Odświeżę temat, bo widzę, że przed pandemią był mocno aktywny, a po już jakby zamarł
A to aż dziwne, bo właśnie wtedy mieliśmy do czynienia z czymś na wzór edukacji domowej. Proszę zwrócić uwagę, że piszę "czymś", bo w mojej ocenie nie było to kwintesencją edukacji domowej.
Moim zdaniem edukacja domowa to wolność. Wolność wyboru czego uczymy, jak uczymy, kiedy i gdzie uczymy. To wolność rozwijania pasji dziecka, przy jednoczesnym spełnianiu obowiązku szkolnego. To też znakomite rozwiązanie dla osób, które tak jak ja, dużo jeżdżą po świecie (praca, żeby nie było) i muszą zabierać ze sobą swoją pociechę. Dla mnie to idealne rozwiązanie, bo pracuję 5-6 godzin dziennie jako tłumaczka, a później mam czas dla swojego syna. Przez 3-4 godziny uczymy się z wykorzystaniem materiałów z platformy Centrum Nauczania Domowego:
https://domowi.edu.pl/ a po skończonej nauce każde z nas ma czas dla siebie lub razem jedziemy zwiedzać miejsca, w którym aktualnie przebywam.
Obawiałam się nauczania domowego, no bo czy pamiętam wszystko, czy moje dziecko będzie się mogło skupić, czy będę w stanie przekazać mu wiedzę, którą zapamięta. Okazało się, że strach ma duże oczy. Da się skutecznie uczyć swoje dziecko, tylko trzeba mieć dużo samodyscypliny (tego mi nie brakuje) oraz dobre materiały do nauki. Te, które zostały udostępnione przez Centrum Nauczania Domowego są bardzo przydatne. Praktycznie tylko korzystam z ich platformy edukacyjnej. Czasem jeszcze jakiś filmik na Youtube znajdę, jak dziecko podpyta mnie o coś, czego nie wiem lub chce coś więcej dowiedzieć się na konkretny temat.
Przed decyzją o edukacji domowej sporo czytałam i rozmawiałam z koleżankami "po fachu". Praktycznie wszystkie z nich przeszły lub planowały przejść na edukację domową. Nauczyciel nie jest w stanie poświęcić tak dużo uwagi dziecku, jak rodzic. Ma w końcu 25-30 dzieciaków w klasie. Wystarczy że jedno z nich nie nadąża za materiałem i cała klasa już pracuje wolniej niż mogłaby.

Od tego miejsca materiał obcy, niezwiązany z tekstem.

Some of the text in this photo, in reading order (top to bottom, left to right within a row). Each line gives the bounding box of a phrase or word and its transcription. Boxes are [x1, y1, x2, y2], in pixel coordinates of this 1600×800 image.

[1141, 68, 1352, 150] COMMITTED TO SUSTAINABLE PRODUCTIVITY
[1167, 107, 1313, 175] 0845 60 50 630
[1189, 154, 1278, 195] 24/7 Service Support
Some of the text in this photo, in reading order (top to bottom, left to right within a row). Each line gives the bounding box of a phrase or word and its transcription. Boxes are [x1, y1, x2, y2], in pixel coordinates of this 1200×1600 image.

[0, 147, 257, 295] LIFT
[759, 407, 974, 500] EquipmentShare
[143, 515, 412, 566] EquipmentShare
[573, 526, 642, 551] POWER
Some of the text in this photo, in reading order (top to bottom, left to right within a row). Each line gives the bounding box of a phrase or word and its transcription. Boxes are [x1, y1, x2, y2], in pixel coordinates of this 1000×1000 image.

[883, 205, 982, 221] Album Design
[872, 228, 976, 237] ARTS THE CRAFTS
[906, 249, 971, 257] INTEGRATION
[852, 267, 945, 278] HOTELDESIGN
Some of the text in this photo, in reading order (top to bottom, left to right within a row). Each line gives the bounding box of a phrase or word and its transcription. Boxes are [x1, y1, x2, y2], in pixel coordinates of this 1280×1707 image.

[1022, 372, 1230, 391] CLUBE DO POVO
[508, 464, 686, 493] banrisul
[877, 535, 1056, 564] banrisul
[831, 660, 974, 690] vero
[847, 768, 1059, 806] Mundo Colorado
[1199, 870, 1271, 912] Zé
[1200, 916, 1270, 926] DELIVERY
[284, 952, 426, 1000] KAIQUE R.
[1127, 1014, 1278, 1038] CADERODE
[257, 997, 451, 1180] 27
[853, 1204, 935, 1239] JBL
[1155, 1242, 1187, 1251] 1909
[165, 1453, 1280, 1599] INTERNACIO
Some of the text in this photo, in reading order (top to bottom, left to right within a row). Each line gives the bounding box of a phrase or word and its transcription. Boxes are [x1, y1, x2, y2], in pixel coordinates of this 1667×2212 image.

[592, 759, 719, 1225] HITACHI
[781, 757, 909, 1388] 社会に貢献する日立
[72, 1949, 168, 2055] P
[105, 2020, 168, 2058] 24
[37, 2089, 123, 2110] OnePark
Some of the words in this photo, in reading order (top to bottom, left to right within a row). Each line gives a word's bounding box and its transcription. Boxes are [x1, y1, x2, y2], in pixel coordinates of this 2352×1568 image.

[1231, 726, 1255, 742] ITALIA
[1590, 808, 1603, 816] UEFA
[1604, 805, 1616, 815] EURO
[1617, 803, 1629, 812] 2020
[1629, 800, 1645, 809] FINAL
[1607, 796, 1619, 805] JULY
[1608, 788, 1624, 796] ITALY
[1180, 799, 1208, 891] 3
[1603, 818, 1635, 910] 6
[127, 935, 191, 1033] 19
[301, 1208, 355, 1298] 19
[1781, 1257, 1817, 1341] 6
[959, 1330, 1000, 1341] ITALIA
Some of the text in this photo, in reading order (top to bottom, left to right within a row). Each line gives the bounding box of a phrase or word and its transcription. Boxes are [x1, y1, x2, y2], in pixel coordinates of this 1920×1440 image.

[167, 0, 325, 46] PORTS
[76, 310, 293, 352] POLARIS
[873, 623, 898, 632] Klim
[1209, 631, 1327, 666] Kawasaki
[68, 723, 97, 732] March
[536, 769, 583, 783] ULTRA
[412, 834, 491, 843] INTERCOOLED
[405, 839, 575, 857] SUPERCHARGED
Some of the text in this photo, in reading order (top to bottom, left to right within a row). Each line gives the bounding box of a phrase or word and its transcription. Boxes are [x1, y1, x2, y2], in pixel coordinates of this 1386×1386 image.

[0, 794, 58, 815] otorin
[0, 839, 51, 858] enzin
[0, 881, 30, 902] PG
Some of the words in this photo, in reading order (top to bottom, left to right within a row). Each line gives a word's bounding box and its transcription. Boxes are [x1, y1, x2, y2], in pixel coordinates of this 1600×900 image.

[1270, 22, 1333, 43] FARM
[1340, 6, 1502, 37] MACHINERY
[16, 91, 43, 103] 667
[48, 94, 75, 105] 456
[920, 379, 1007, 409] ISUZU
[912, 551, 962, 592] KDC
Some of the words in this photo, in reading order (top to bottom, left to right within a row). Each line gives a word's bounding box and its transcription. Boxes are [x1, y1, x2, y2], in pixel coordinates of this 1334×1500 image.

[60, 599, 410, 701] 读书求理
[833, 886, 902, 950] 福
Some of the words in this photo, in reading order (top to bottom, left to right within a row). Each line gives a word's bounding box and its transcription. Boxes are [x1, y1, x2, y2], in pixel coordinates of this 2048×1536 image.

Z tego co mogę się jeszcze z Wami podzielić, to wiem, że dla osób, które na stałe mieszkają za granicą, a chcą uczyć dzieci polskiego języka i uzyskać polskie świadectwo, w Polsce działa Libratus:
https://www.libratus.edu.pl/ To bezpłatna platforma, przez którą można uczyć dziecko w formie nauczania domowego. Odbywa się to podobnie jak w przypadku edukacji domowej w Polsce, tyle że z tego co dowiedziałam się, ten projekt jest tylko do osób spoza Polski. Zostawiam jako ciekawostkę. Być może komuś się taka wiedza przyda.
Jak macie jakieś pytania, to zapraszam do dyskusji. Myślę, że edukacja naszych dzieci jest bardzo istotna i warto poświęcić jej sporo uwagi. W końcu od tego zależy ich przyszłość.